In der Literatur gibt es keine eindeutige Abgrenzung von Maytenus macrocarpa und gewissen anderen Maytenus Arten. So werden Maytenus krukovii, Maytenus ebenifolia, Maytenus laevis, Maytenus multiflora, Maytenus terapotensis, Celastrus macrocarpa, Haenkea macrocarpa und Heankea multiflora unter anderem als Synonyme von Maytenus macrocarpa behandelt (vgl. Taylor 2005: 230ff). Jedoch scheint dies nicht auf alle Quellen zu zutreffen, doch wird in neueren Quellen Chuchuhuasi vorwiegend als Maytenus macrocarpa bezeichnet.
Um die Verwirrung perfekt machen, sei erwähnt, dass es auch verschiedene Pflanzen gibt, die unter Umständen als Chuchuhuasi bezeichnet werden und in der Volksmedizin verwendet werden.
Neben Cheilochinium cognatum und wird auch Erythroxylum catuaba manchmal Chuchuhuasi bzw. Chuchuhuasha genannt, welche unter anderem im Amazonasgebiet von Peru zu finden sind. Bei den Shipibo-Conibo ist Heisteria pallida als chocha huasha bekannt. Die Rinde des Baums wird von den Shipibo-Conibo in Zuckerrohr-Likör mazeriert und schliesslich mit Honig gesüsst. Dabei werden die Wasser- und auch Ethanolextrakte zur Behandlung von rheumatischen Schmerzen, Erkältungen und Beschwerden im Abdomen und Uterus verwendet. Ausserdem wird chocha huasha auch bei Fieber, Durchfall und als Stärkungsmittel und Tonikum verwendet (vgl. Rätsch & Müller-Ebeling 2013: 166).
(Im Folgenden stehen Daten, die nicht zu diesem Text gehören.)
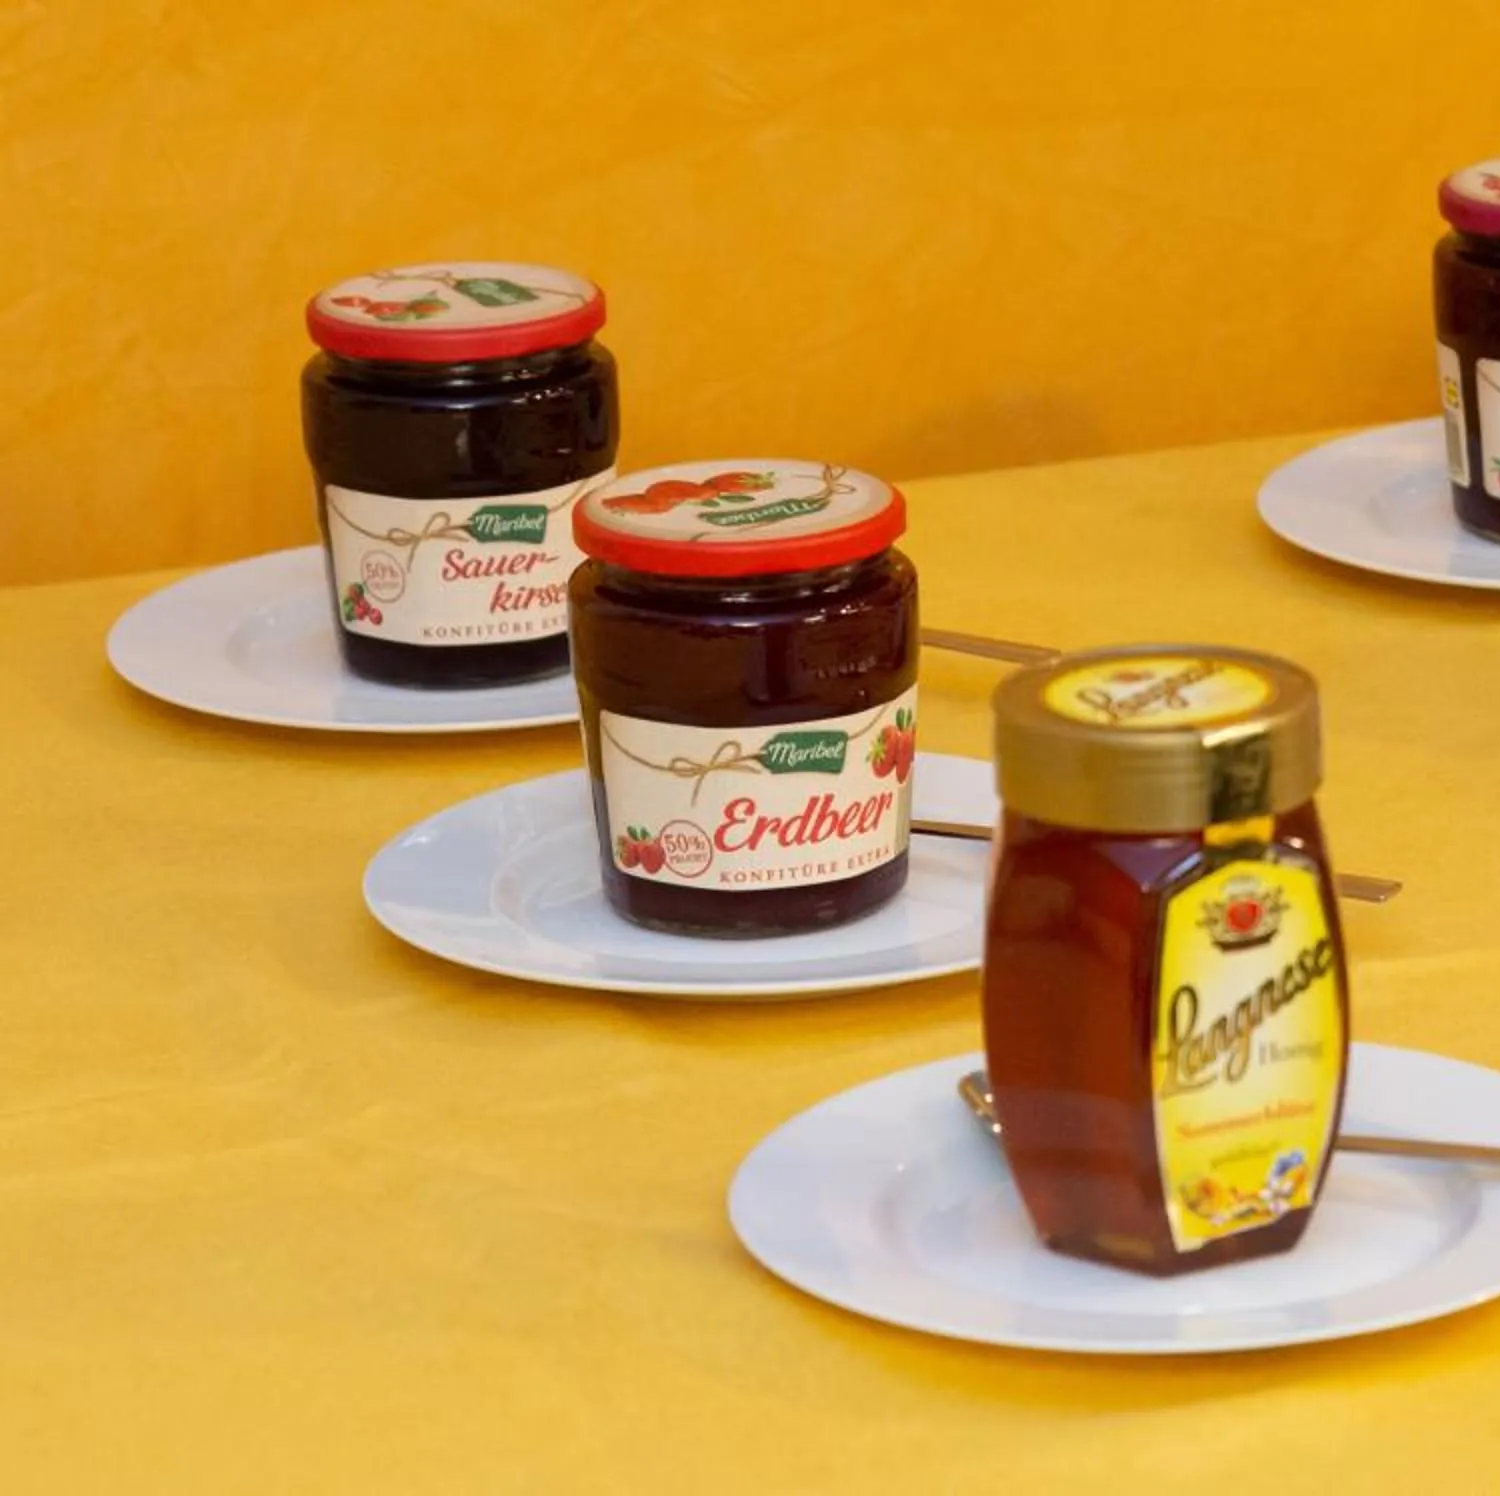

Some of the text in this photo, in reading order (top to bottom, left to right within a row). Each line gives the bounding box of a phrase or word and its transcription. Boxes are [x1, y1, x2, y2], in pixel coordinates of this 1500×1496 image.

[474, 512, 545, 534] Maribel
[366, 559, 399, 580] 50%
[441, 548, 559, 581] Sauer-
[489, 580, 568, 615] kirsc
[423, 612, 568, 639] KONFITÜRE EXT
[767, 739, 845, 767] Maribel
[713, 791, 893, 852] Erdbeer
[663, 830, 706, 854] 50%
[719, 859, 838, 884] KONFITÜRE
[1156, 936, 1333, 1097] Langnese
Weder Cheilochinium cognatum noch Erythroxylum catuaba noch Heisteria pallida sollen in diesem Blogpost weiter behandelt werden, der Fokus dieses Posts liegt auf Maytenus macrocarpa, einer Pflanze die ebenfalls den Namen Chuchuhuasi trägt.
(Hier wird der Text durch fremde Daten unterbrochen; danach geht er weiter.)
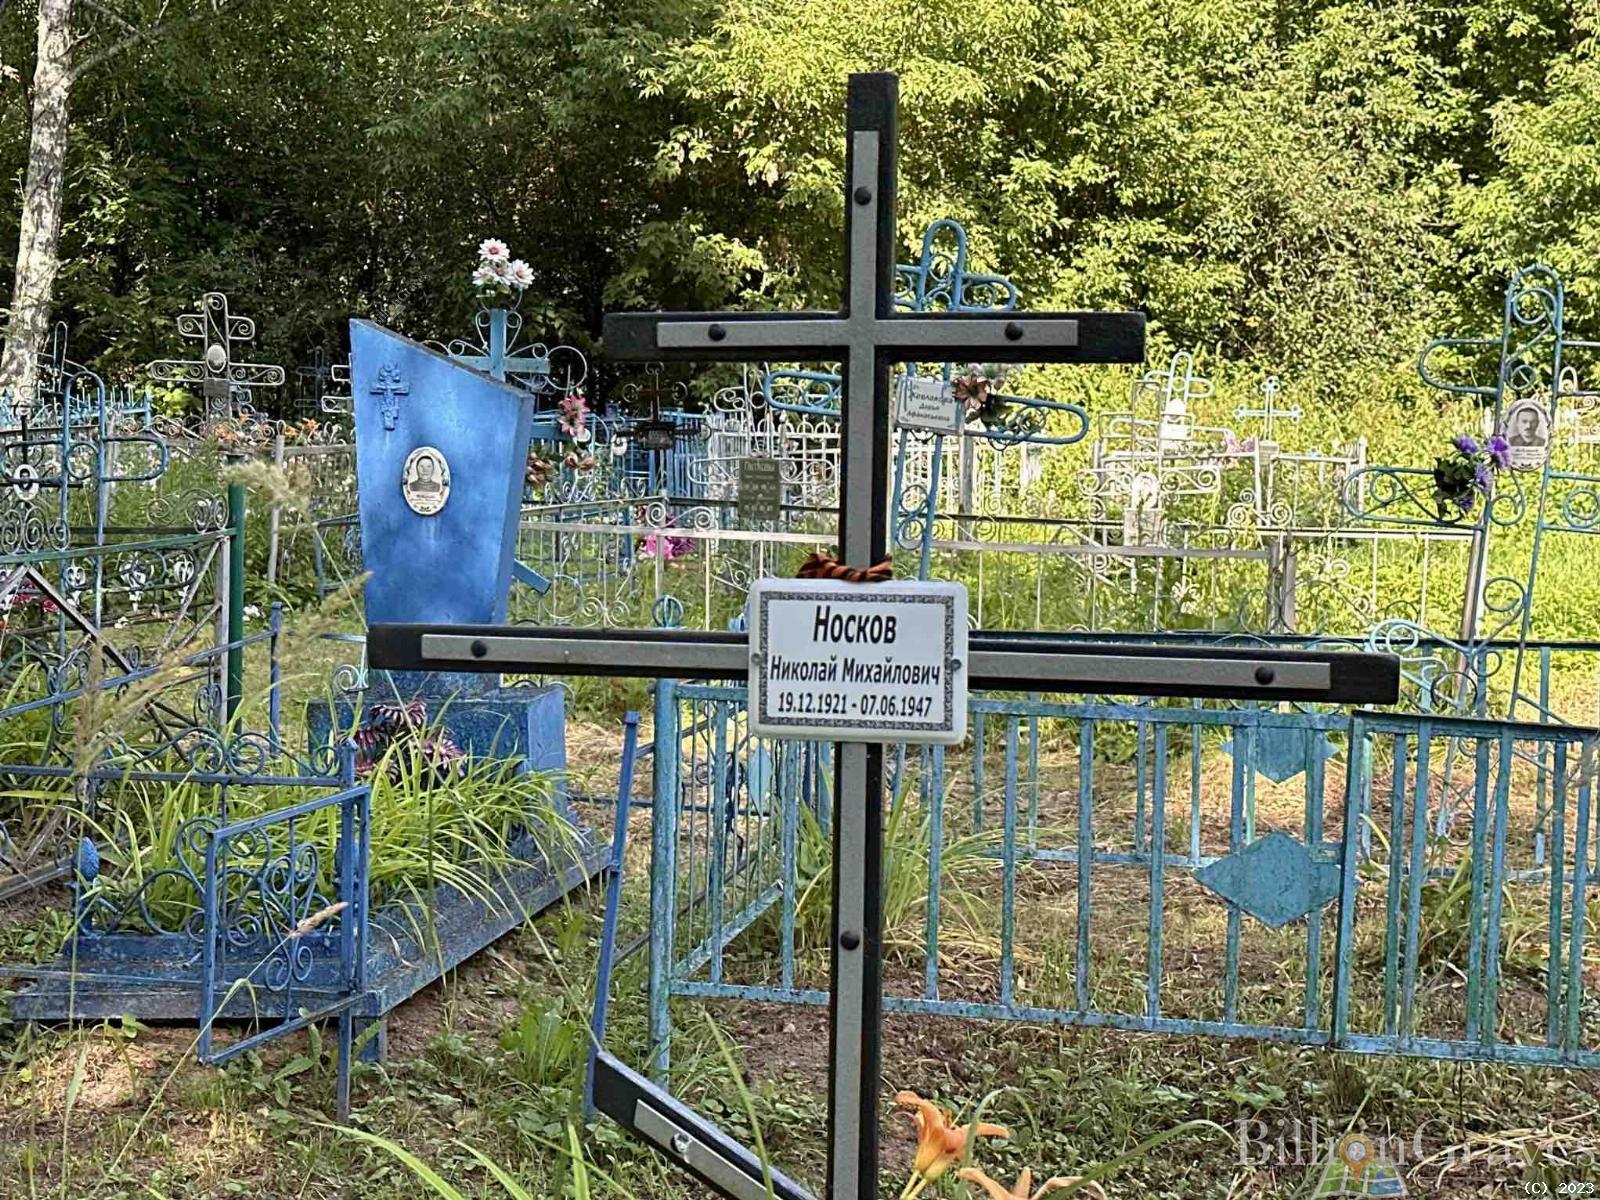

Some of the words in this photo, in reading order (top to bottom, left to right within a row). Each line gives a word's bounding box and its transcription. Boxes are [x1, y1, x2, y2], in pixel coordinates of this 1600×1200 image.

CATHINON IN DER GATTUNG MAYTENUS?
In manchen Quellen ist zu lesen, dass in Maytenus krukovii (ein Synonym für Maytenus macrocarpa) ebenso wie in Kath (Catha edulis) das stimulierend wirkende Alkaloid Cathinon enthalten sei (vgl. Gerlach et al. 2016: 291; Tretter 2017: 204; Baxter et al. 1999: 323; Polya 2003: 187) [1]. Es gibt weder phytochemische Analysen von Maytenus krukovii bzw. Maytenus macrocarpa, die diese Behauptung stützen, noch der Ursprung dieser Behauptung konnte gefunden werden.
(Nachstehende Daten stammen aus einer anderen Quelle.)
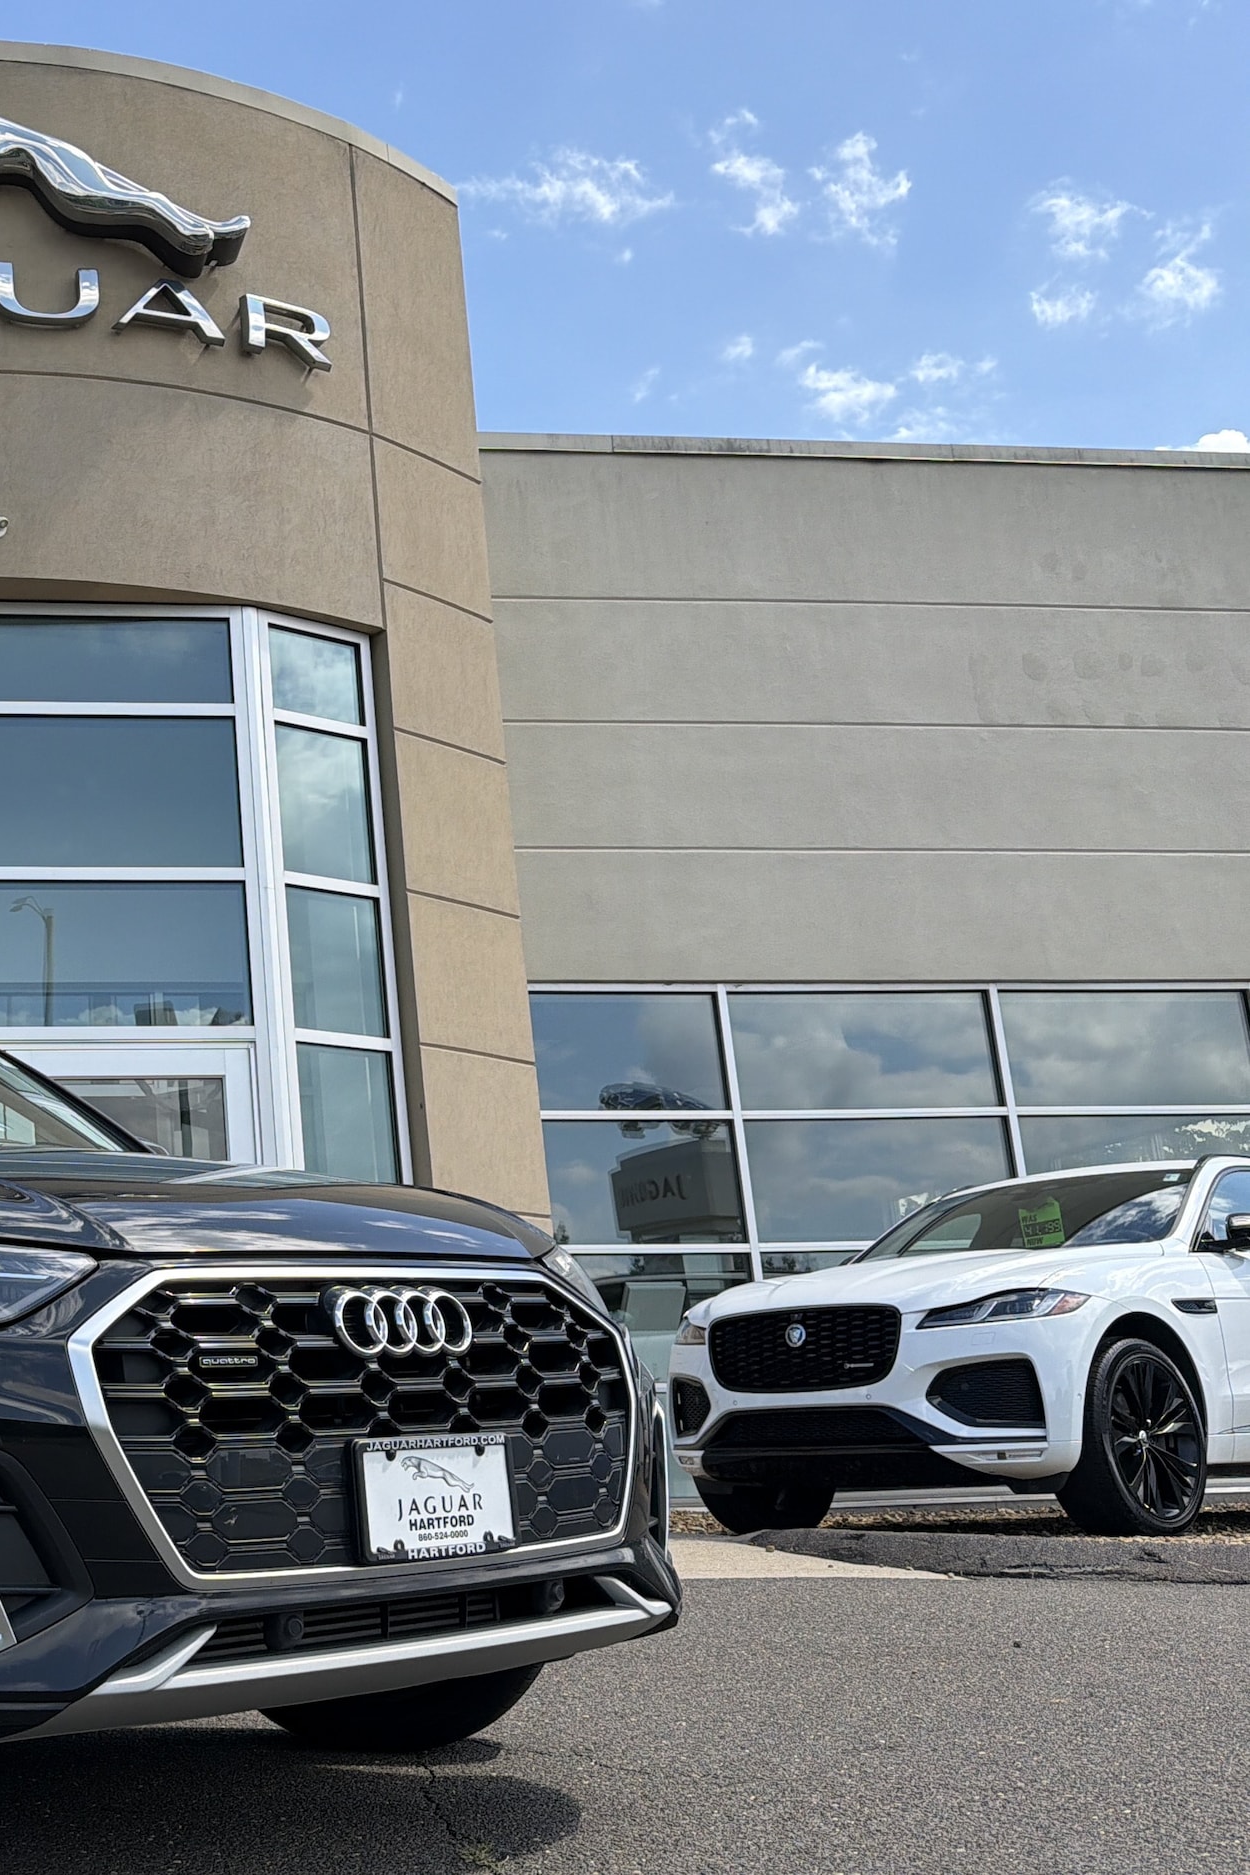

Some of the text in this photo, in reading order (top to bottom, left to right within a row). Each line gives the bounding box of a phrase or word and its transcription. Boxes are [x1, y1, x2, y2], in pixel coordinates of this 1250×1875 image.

[1022, 1214, 1037, 1223] WAS
[202, 1357, 256, 1366] quattro
[367, 1435, 505, 1451] JAGUARHARTFORD.COM
[398, 1493, 483, 1521] JAGUAR
[409, 1514, 474, 1531] HARTFORD
[418, 1530, 468, 1541] 860-524-0000
[408, 1542, 486, 1560] HARTFORD
Catha edulis scheint als einzige Art der Familie der Spindelbaumgewächse (Celastraceae) wegen ihrer stimulierenden Eigenschaften kultiviert zu werden. Dabei werden meist die jungen, frischen Triebe, welche unter anderem Cathin und Cathinon enthalten, wegen ihrer stimulierenden Wirkung gekaut. In einer Studie wurden aus der Familie der Spindelbaumgewächse 2 Maytenus Arten und insbesondere Arten der Gattungen Allocassine, Cassine, Lauridia und Maurocenia auf einen möglichen Cathinon und Cathin Gehalt untersucht, da diese als Schwester-Gruppen von Catha edulis gelten. In dieser Hinsicht sind insbesondere Cassine schinoides und Gymnosporia cassinoides interessant, da die Blätter dieser Pflanzen, ähnlich wie Khat, gekaut werden um Müdigkeit, Hunger und Durst zu vertreiben. Insgesamt wurden 44 Arten aus der Familie der Spindelbaumgewächse untersucht, es konnte in keiner der untersuchten Arten Cathinon oder Cathin festgestellt werden, ausser in Catha edulis (vgl. Tembrock et al. 2017: 1f). Cassine schinoides schien einen besonders hohen Gehalt an Terpenen, unter anderem Friedelanon-Triterpene, welche auch in der Rinde von Chuchuhuasi zu finden sind, zu enthalten. Man hält es für möglich, dass die Friedelanon-Triterpene für die stimulierende Wirkung verantwortlich sein könnten, man weiss aber bis dato nur wenig über die Wirkung dieser Triterpene. Ob diese Triterpene einen stimulierenden Effekt haben könnten, ist  unbekannt (vgl. Tembrock et al. 2017: 9).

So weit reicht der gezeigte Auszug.